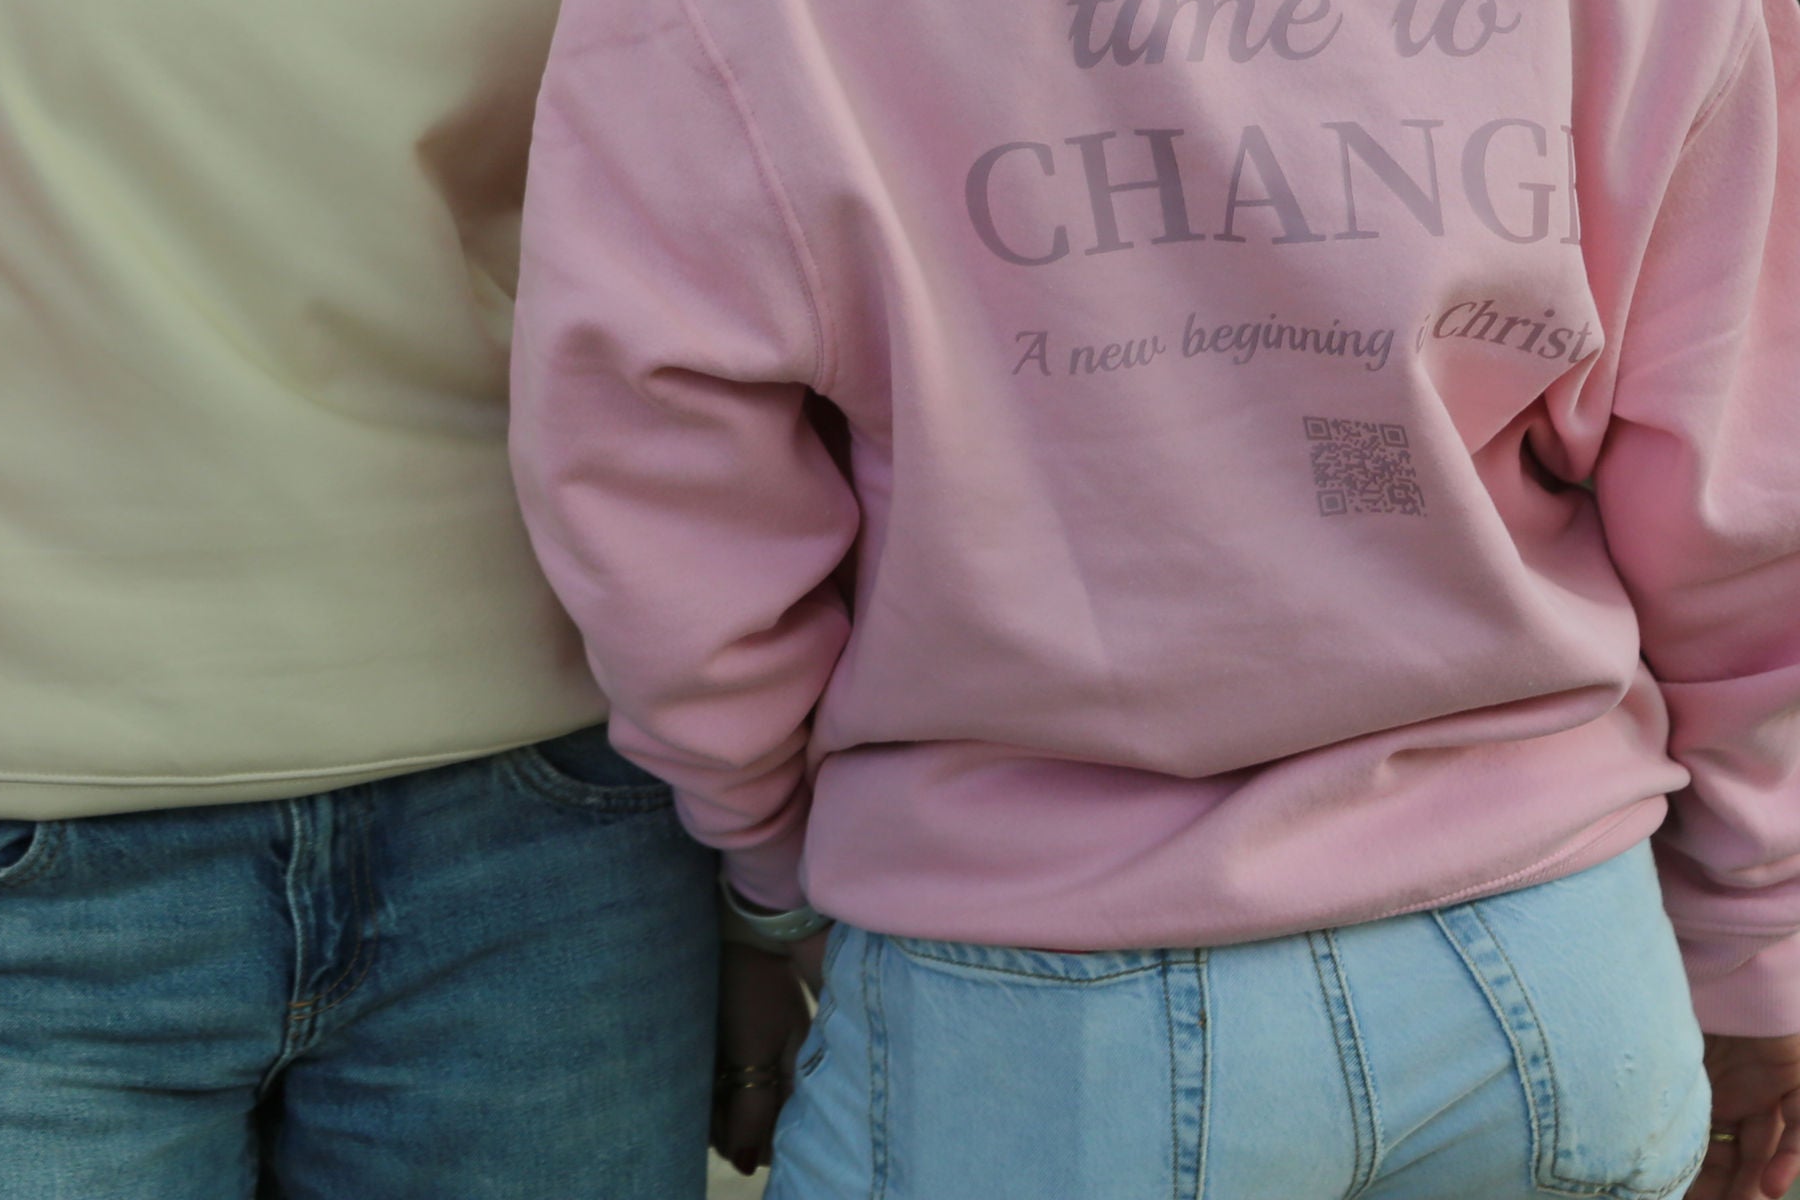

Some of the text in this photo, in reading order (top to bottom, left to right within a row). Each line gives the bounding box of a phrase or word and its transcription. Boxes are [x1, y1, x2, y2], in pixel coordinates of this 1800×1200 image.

[963, 117, 1581, 267] CHANG
[1012, 330, 1053, 377] A
[1068, 335, 1166, 376] new
[1181, 312, 1395, 371] beginning
[1432, 299, 1593, 364] Christ
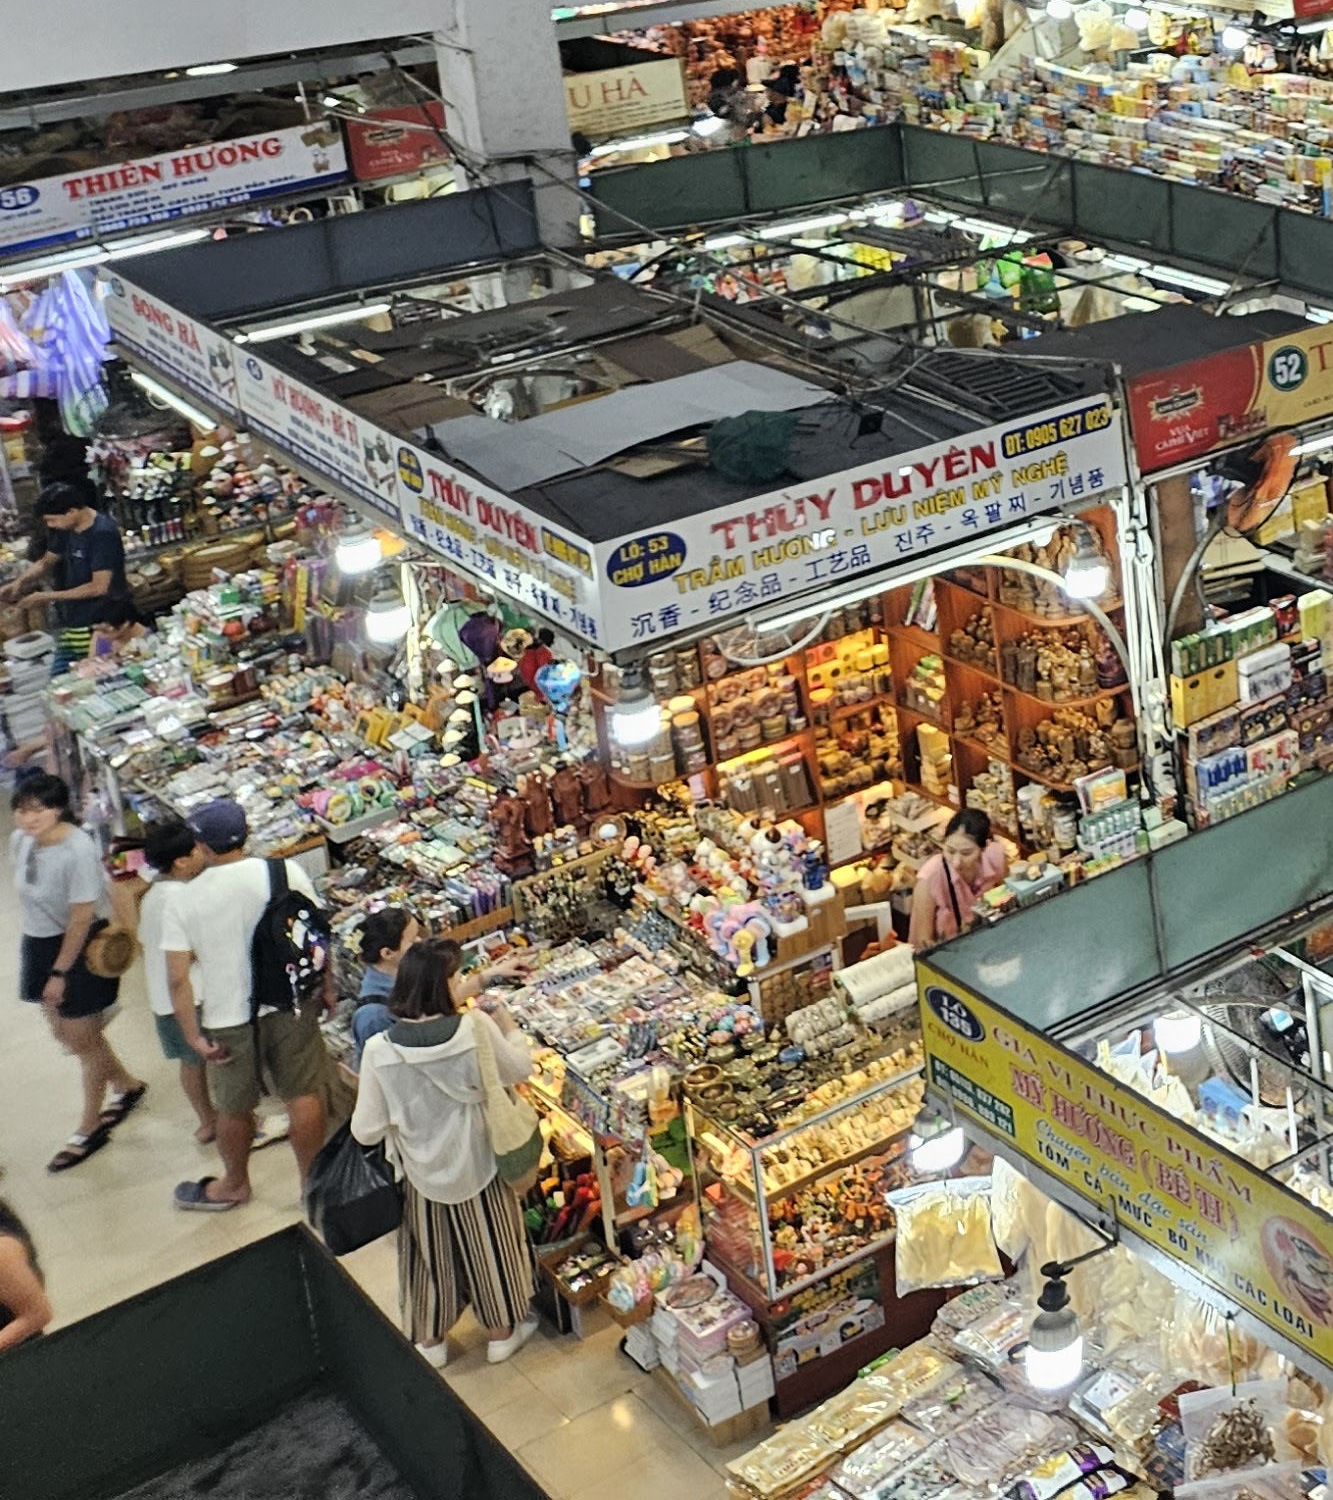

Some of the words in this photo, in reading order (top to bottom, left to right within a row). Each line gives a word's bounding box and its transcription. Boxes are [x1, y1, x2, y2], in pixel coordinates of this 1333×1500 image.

**Directions for this task**
Copy the records exactly. Skip any pictures.

**Response box**
Some of the text in this photo, in reading order (top to bottom, left to right within a row). Each line gives the bounding box of a phrase or word and its transcription. Boxes are [x1, y1, x2, y2], in pixel coordinates of this 1800×1200 image.

[963, 117, 1581, 267] CHANG
[1012, 330, 1053, 377] A
[1068, 335, 1166, 376] new
[1181, 312, 1395, 371] beginning
[1432, 299, 1593, 364] Christ

Some of the words in this photo, in reading order (top to bottom, left to right within a row). Each line gives a word's bounding box and its transcription. Boxes are [x1, y1, x2, y2], in pixel coordinates of this 1333×1500 image.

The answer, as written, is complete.